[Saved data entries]
^^^^^^^^^^^^^^^^

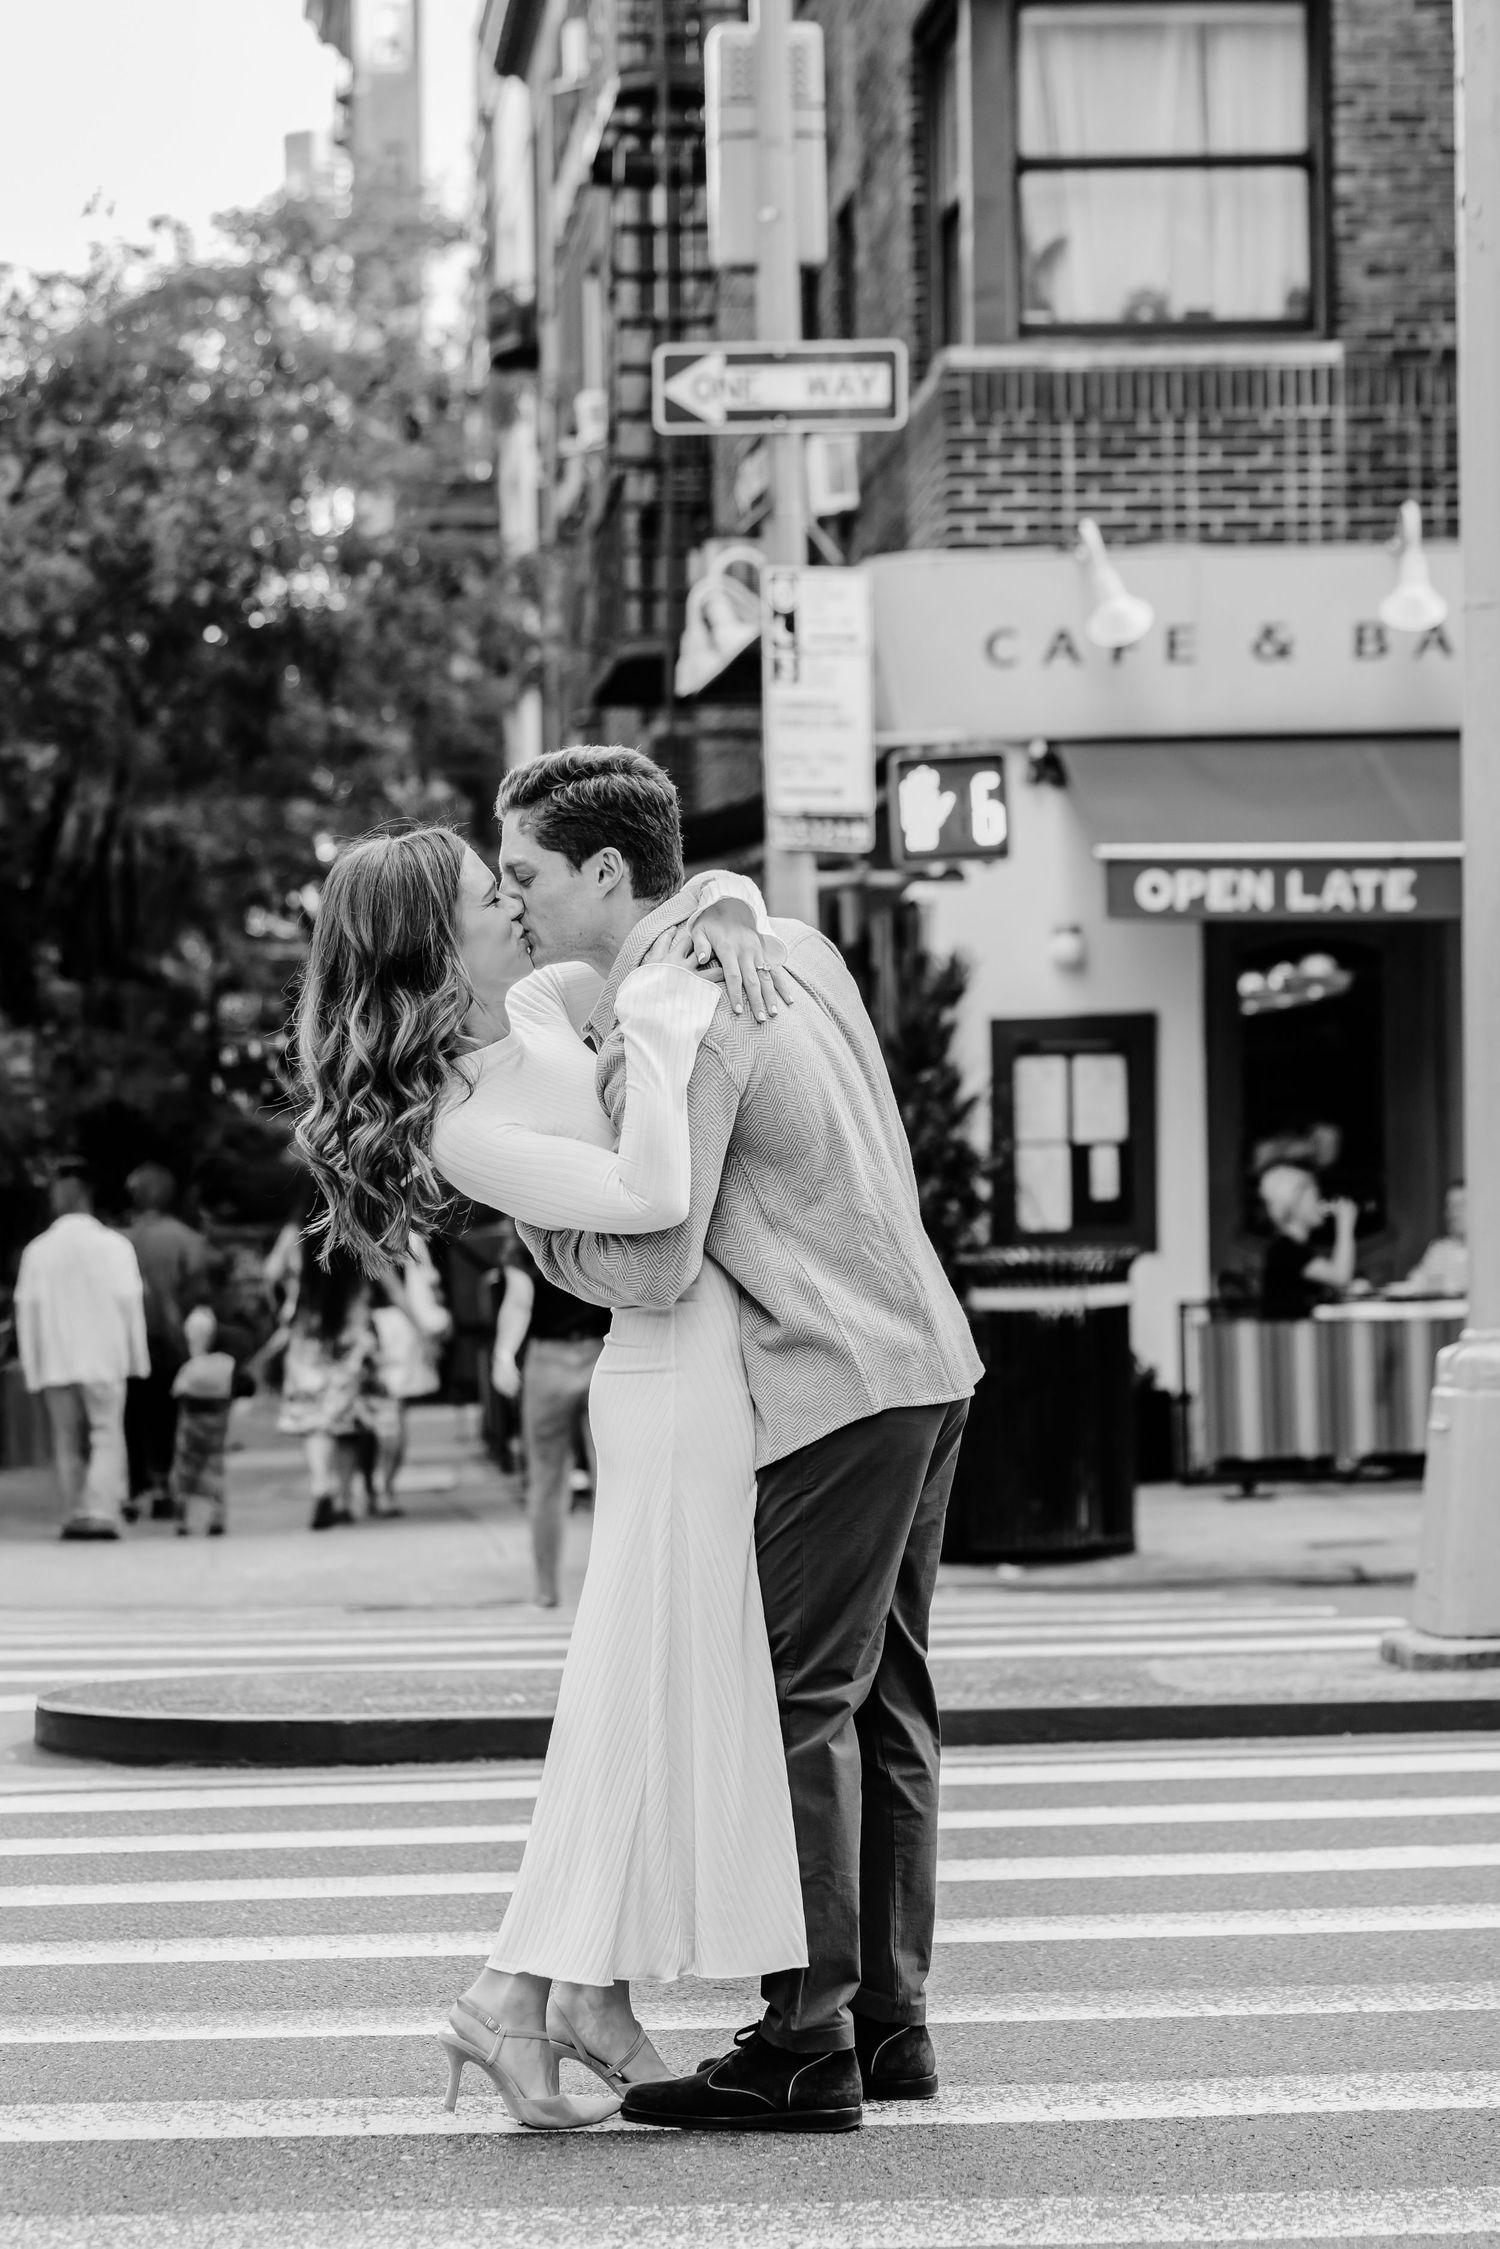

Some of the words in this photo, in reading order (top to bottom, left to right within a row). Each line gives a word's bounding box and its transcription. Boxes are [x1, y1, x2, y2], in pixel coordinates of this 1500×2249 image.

[691, 371, 760, 402] ONE
[807, 374, 879, 398] WAY
[1251, 620, 1293, 664] &
[970, 770, 1008, 847] 6
[1133, 867, 1275, 913] OPEN
[1284, 867, 1418, 913] LATE

^^^^^^^^^^^^^^^^

◆ **REQUIREMENT**:
Give back all the data exactly, minus pictures.

◆ **YOUR SOLUTION**:
Some of the words in this photo, in reading order (top to bottom, left to right within a row). Each line gives a word's bounding box and its transcription. Boxes are [x1, y1, x2, y2], in pixel coordinates of this 1500×2249 image.

[691, 371, 760, 402] ONE
[807, 374, 879, 398] WAY
[1251, 620, 1293, 664] &
[970, 770, 1008, 847] 6
[1133, 867, 1275, 913] OPEN
[1284, 867, 1418, 913] LATE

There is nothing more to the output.